◆ WHAT IS BEING ASKED:
All entries are to be quoted exactly; the images stay out of the copy.

◆ DATA EXTRACT:
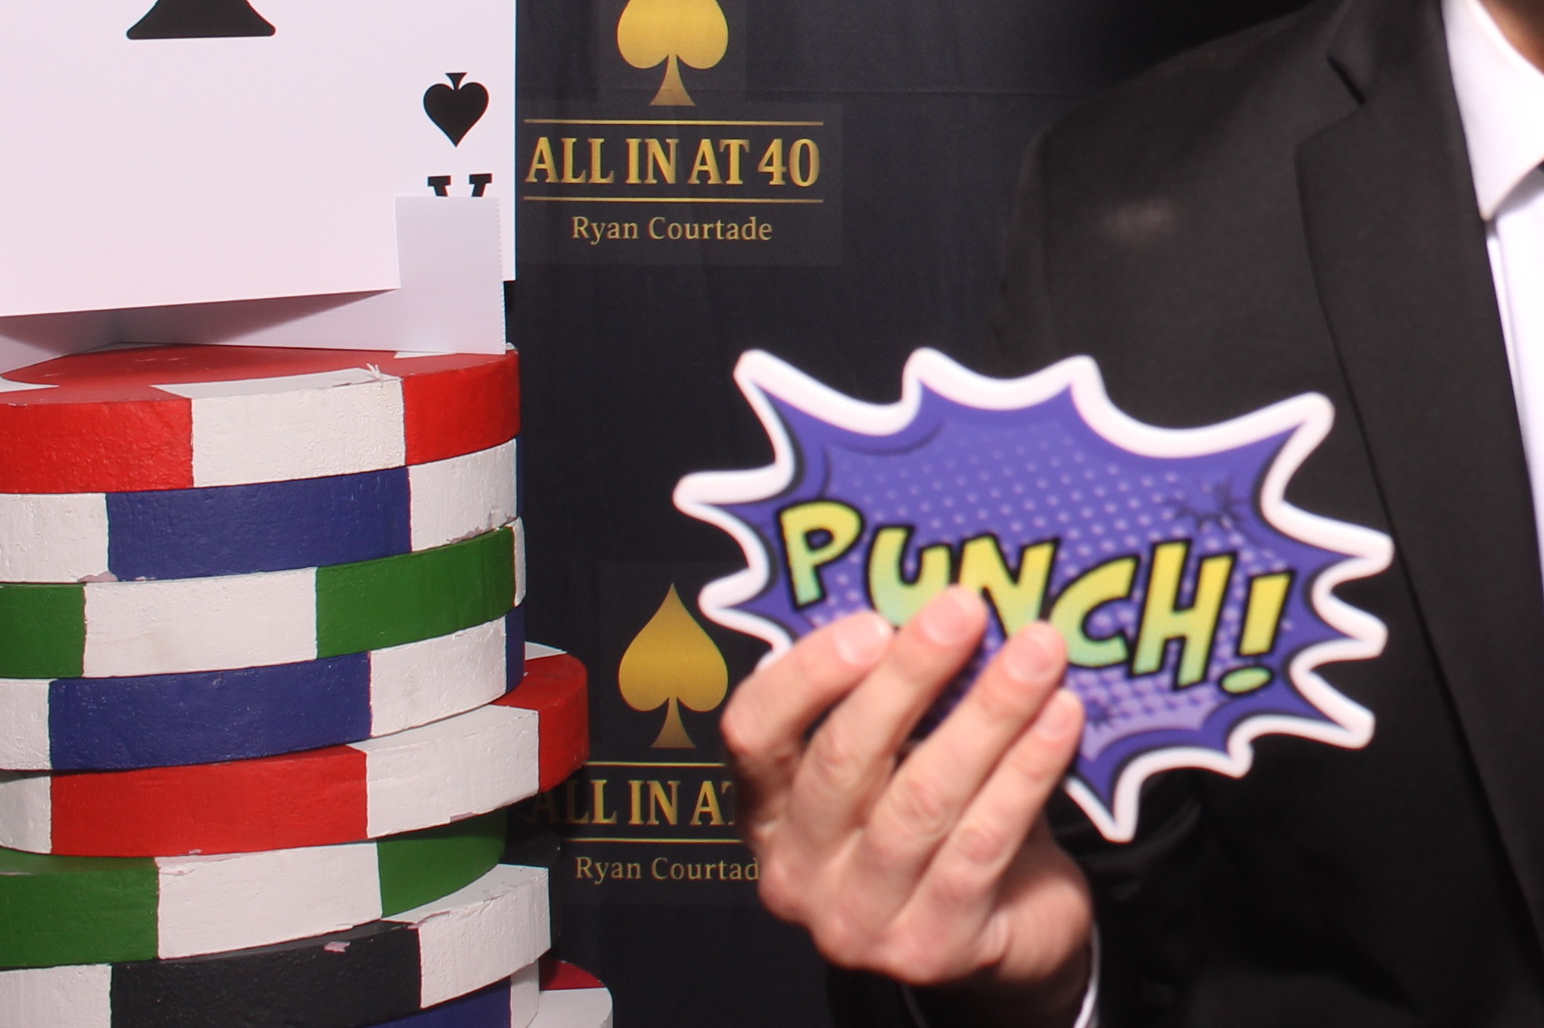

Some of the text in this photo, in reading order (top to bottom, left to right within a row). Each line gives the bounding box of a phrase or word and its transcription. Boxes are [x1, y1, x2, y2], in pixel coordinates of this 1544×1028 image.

[525, 136, 614, 185] ALL
[625, 137, 680, 185] IN
[688, 138, 750, 186] AT
[758, 137, 820, 188] 40
[571, 215, 773, 246] Ryan Courtade
[779, 500, 1293, 694] PUNCH!
[628, 780, 681, 825] IN
[575, 856, 761, 884] Ryan Courtad
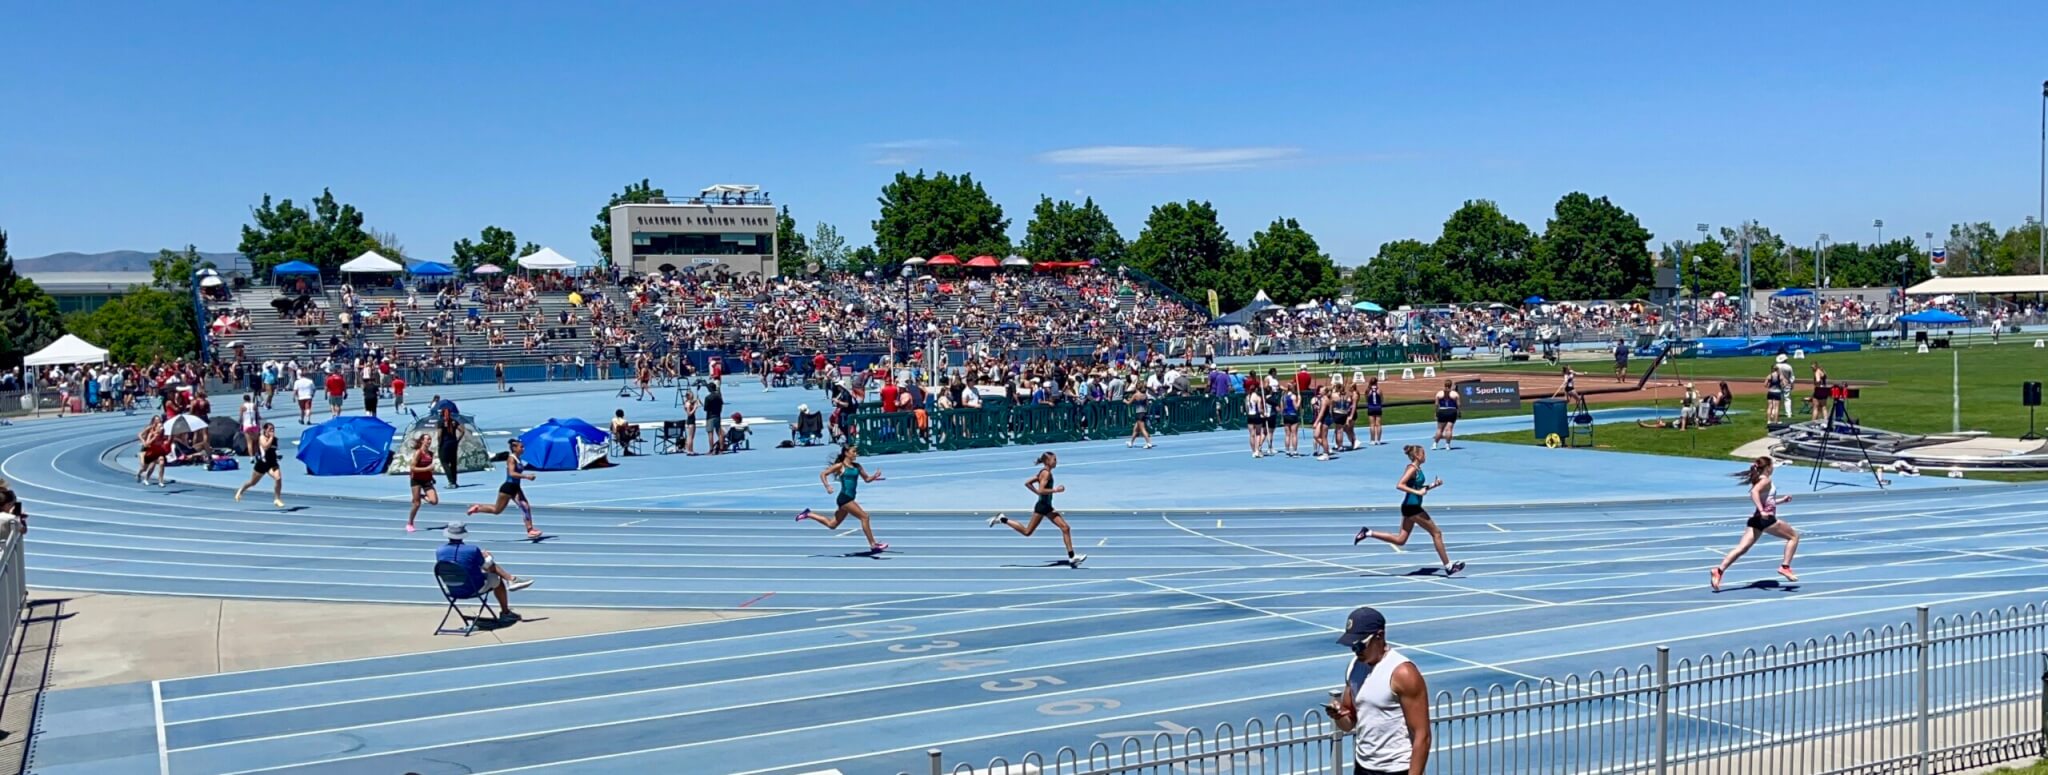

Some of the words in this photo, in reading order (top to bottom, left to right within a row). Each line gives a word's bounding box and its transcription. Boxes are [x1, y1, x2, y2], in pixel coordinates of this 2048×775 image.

[845, 624, 918, 638] 2
[888, 640, 960, 653] 3
[937, 659, 1009, 671] 4
[980, 675, 1068, 692] 5
[1036, 698, 1121, 715] 6

◆ EXERCISE ANSWER:
Some of the text in this photo, in reading order (top to bottom, left to right within a row). Each line gives the bounding box of a phrase or word and its transcription. Boxes are [x1, y1, x2, y2], in pixel coordinates of this 1544×1028 image.

[525, 136, 614, 185] ALL
[625, 137, 680, 185] IN
[688, 138, 750, 186] AT
[758, 137, 820, 188] 40
[571, 215, 773, 246] Ryan Courtade
[779, 500, 1293, 694] PUNCH!
[628, 780, 681, 825] IN
[575, 856, 761, 884] Ryan Courtad

Some of the words in this photo, in reading order (top to bottom, left to right within a row). Each line gives a word's bounding box and its transcription. Boxes are [x1, y1, x2, y2], in pixel coordinates of this 2048×775 image.

[845, 624, 918, 638] 2
[888, 640, 960, 653] 3
[937, 659, 1009, 671] 4
[980, 675, 1068, 692] 5
[1036, 698, 1121, 715] 6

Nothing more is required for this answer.